§ **TASK BRIEF**:
In your copy, include every entry exactly as written but no pictures.

Stored data entries
◆ ◆ ◆ ◆ ◆

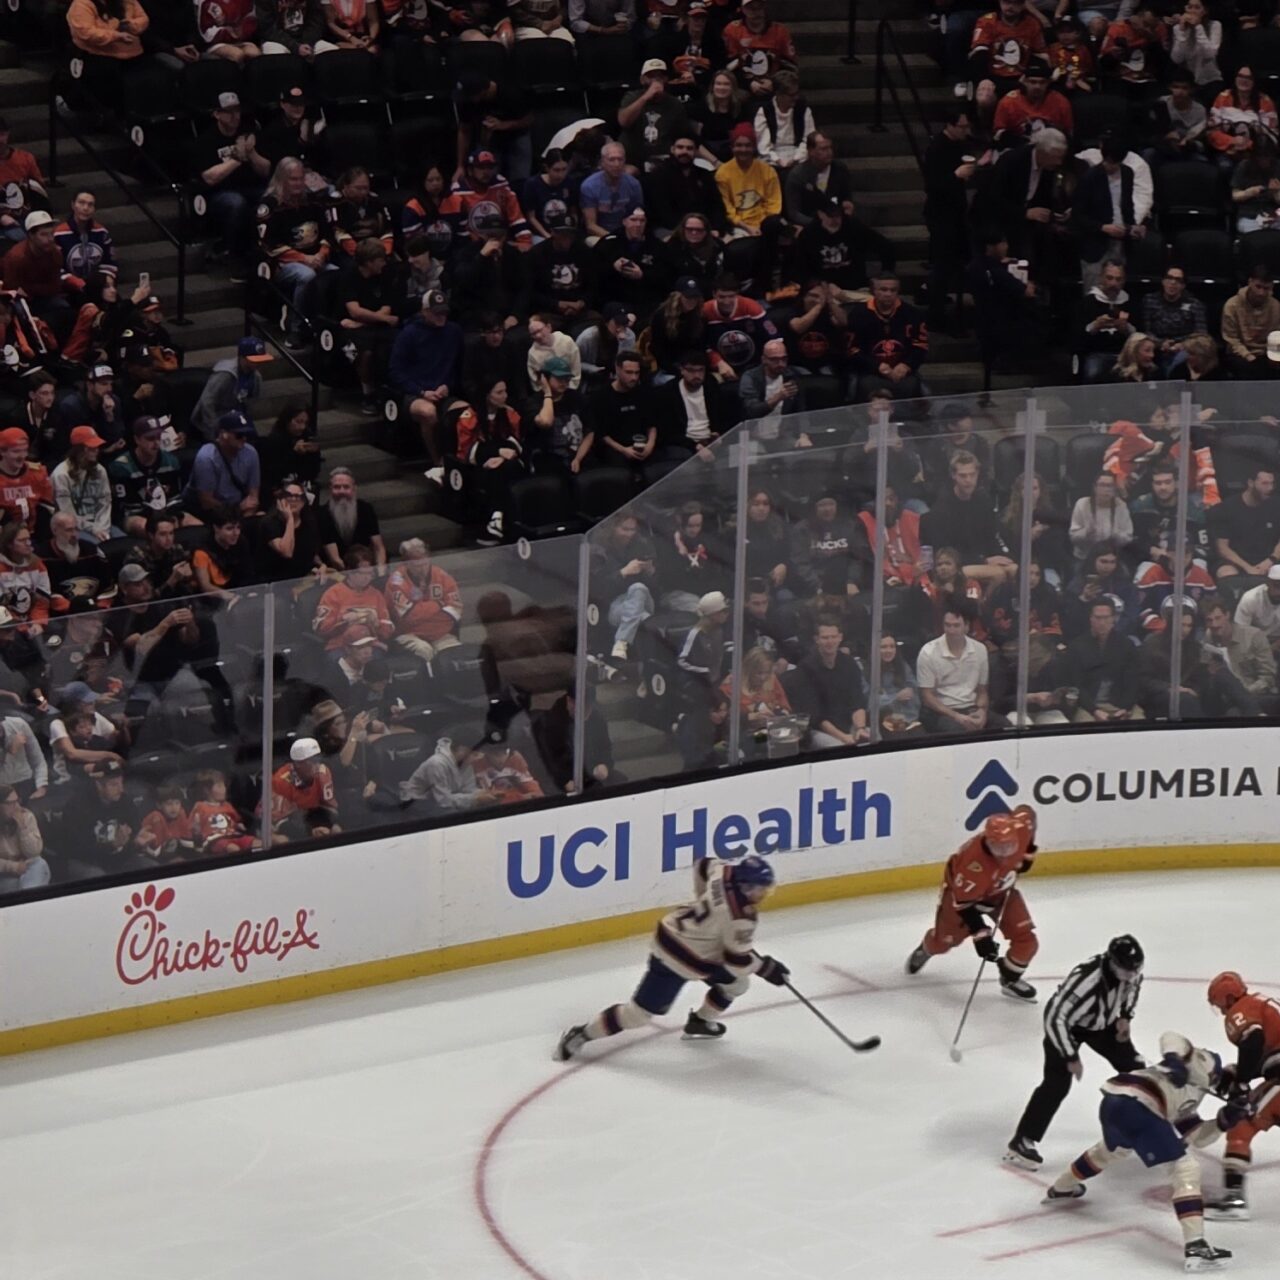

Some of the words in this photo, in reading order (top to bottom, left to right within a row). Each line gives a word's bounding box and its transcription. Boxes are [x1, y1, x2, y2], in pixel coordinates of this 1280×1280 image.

[1032, 766, 1263, 805] COLUMBIA
[507, 820, 631, 899] UCI
[661, 779, 892, 873] Health
[116, 909, 320, 985] Chick-fil-A
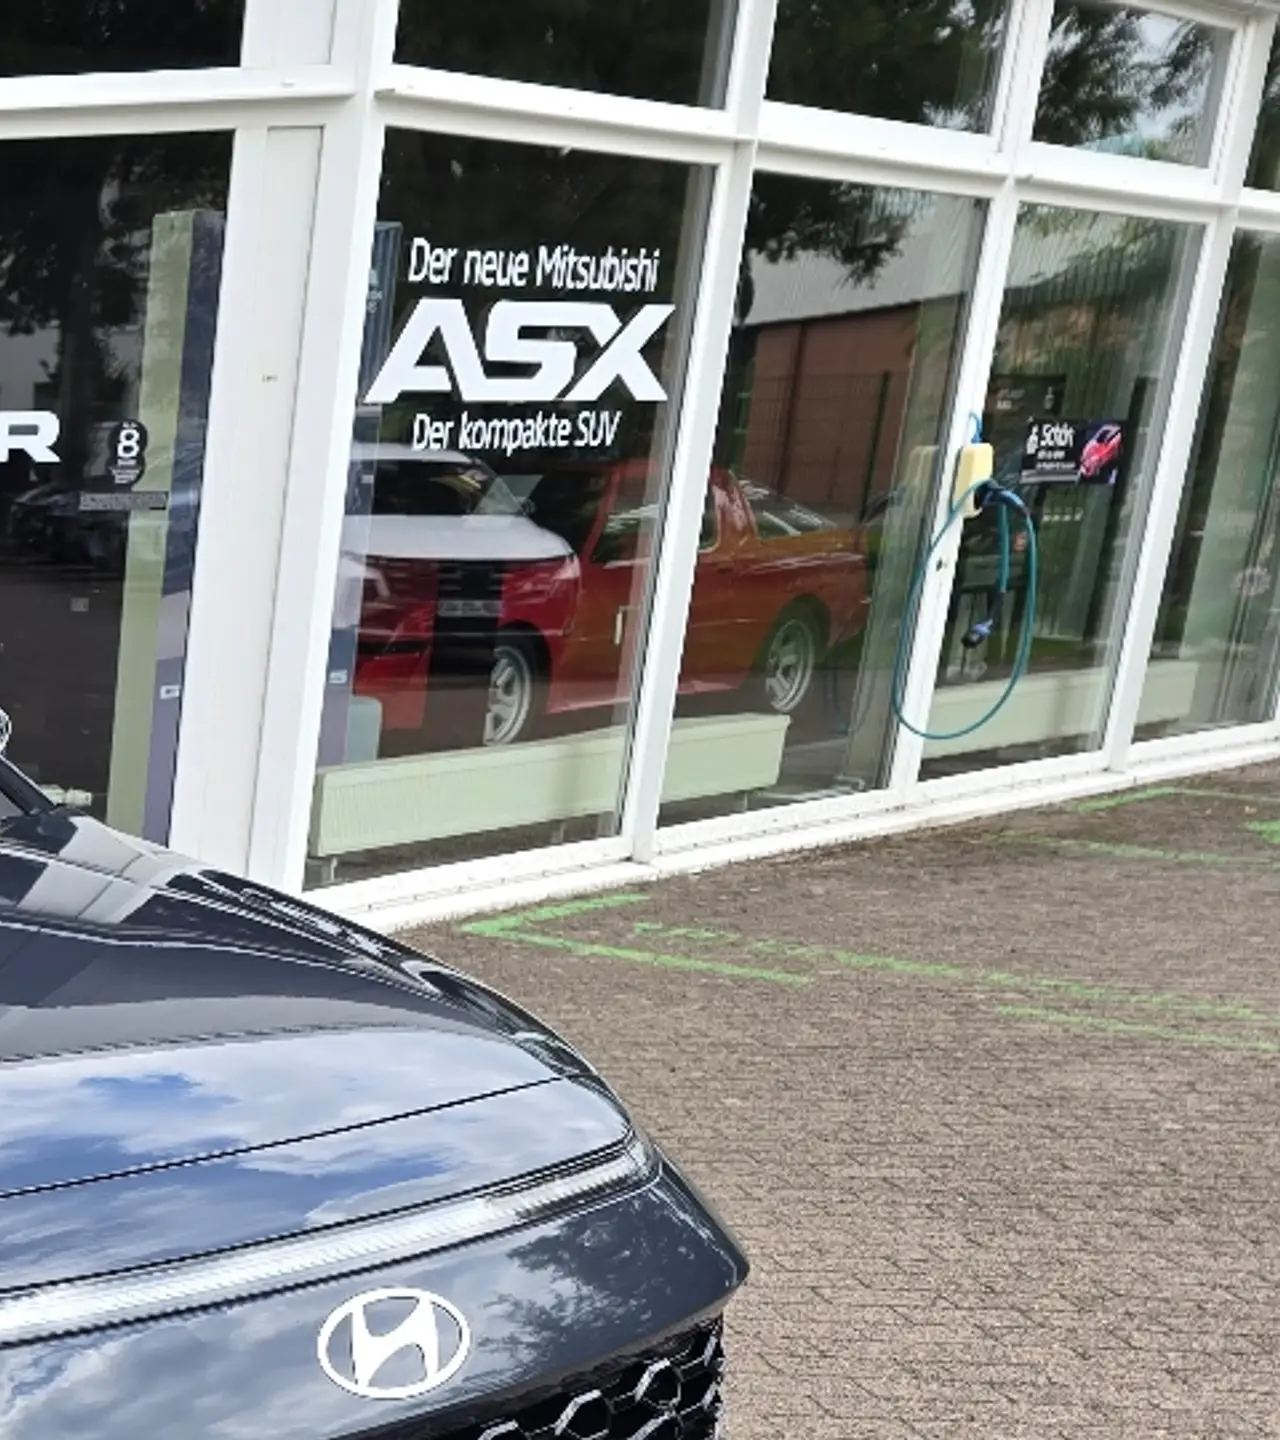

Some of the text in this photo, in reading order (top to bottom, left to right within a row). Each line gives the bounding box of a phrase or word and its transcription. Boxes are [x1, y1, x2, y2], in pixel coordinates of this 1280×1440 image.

◆ ◆ ◆ ◆ ◆

§ **RESPONSE AREA**:
Some of the words in this photo, in reading order (top to bottom, left to right within a row). Each line gives a word's bounding box and its transcription. Boxes are [x1, y1, x2, y2], in pixel coordinates of this 1280×1280 image.

[1032, 766, 1263, 805] COLUMBIA
[507, 820, 631, 899] UCI
[661, 779, 892, 873] Health
[116, 909, 320, 985] Chick-fil-A

Some of the text in this photo, in reading order (top to bottom, left to right within a row). Each line gives the bounding box of a phrase or word and its transcription. Boxes are [x1, y1, x2, y2], in pixel coordinates of this 1280×1440 image.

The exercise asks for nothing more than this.